The History of NABERS

The History of NABERS

By Leon Wurfel – Founder, Bueno Analytics

The National Australian Built Environmental Rating System (NABERS) has a unique position globally in being at the intersection of the earliest development building performance standards along with the highest amount of market driven, voluntary uptake. It is now a federally legislated requirement to disclose NABERS ratings as part of any lease or sale transaction above 1,000m2 so the market penetration of this rating system is above 90% of the commercial real estate market in Australia.

Its an impressive outcome, but where did NABERS begin?

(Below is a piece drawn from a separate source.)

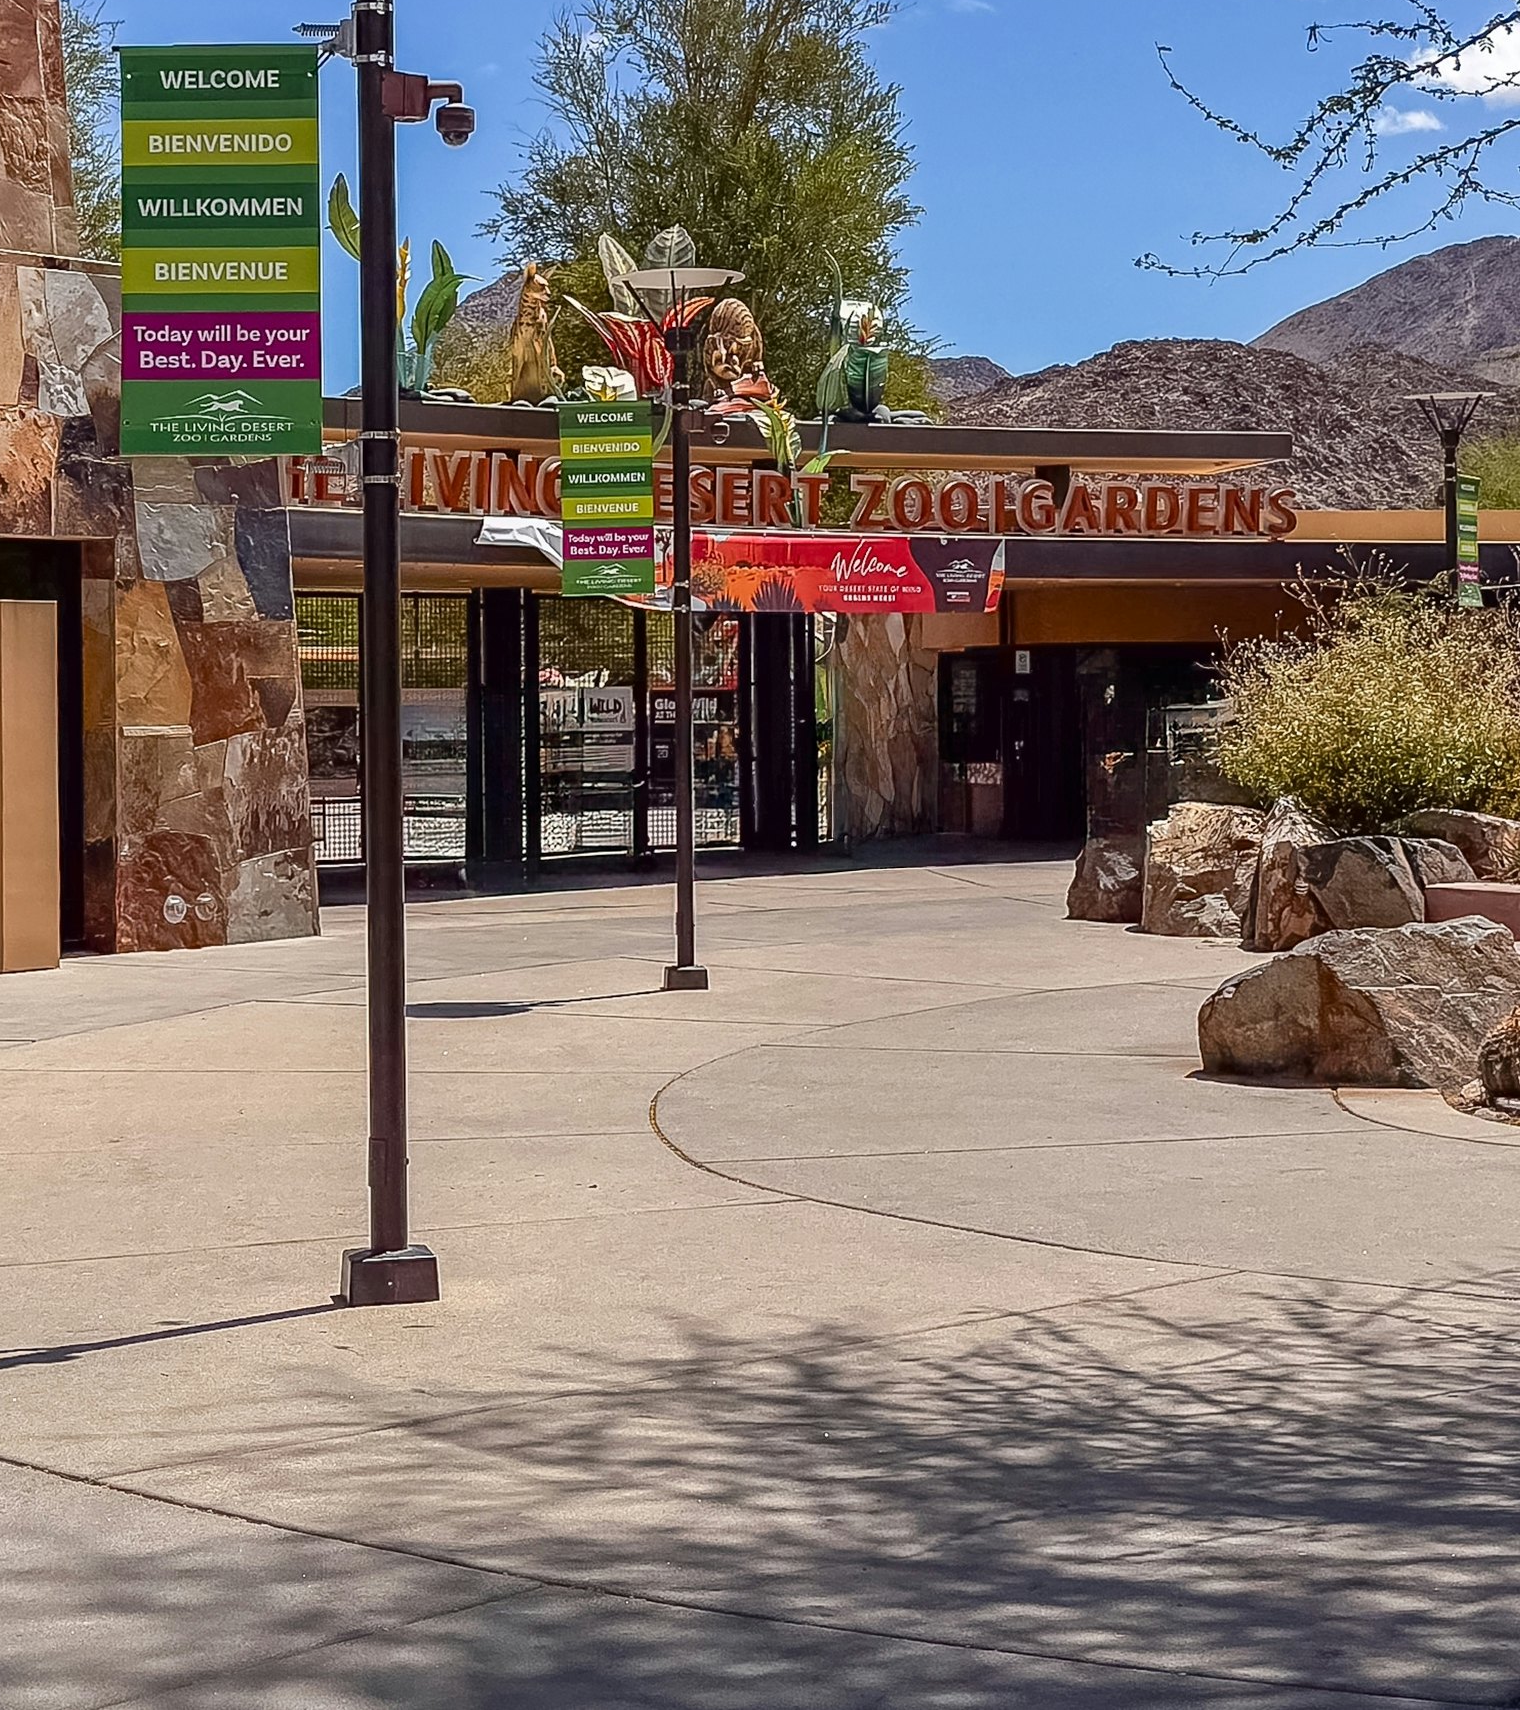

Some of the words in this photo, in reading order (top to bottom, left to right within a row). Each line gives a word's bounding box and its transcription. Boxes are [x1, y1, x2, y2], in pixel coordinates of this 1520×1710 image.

The inception of NABERS started as a NSW state government initiative called the “Australian Building Greenhouse Rating” System (ABGR). A bit of a mouthful compared to NABERS. This idea was conceived by and technically authored by my previous employer Dr Paul Bannister of Exergy (at the time) and currently DeltaQ. The pilot year for this program was back in 1998 and it was released in 1999. 

The program was always designed to be able to scale nationally in Australia taking into account the respective climate zones of the country and the relative specific greenhouse gas coefficients of the energy sources in each state. However as the scheme was a NSW government developed initiative the adoption was not automatic across the other states and territories. Victoria adopted the scheme in 2000, with the remaining states and territories following by 2005.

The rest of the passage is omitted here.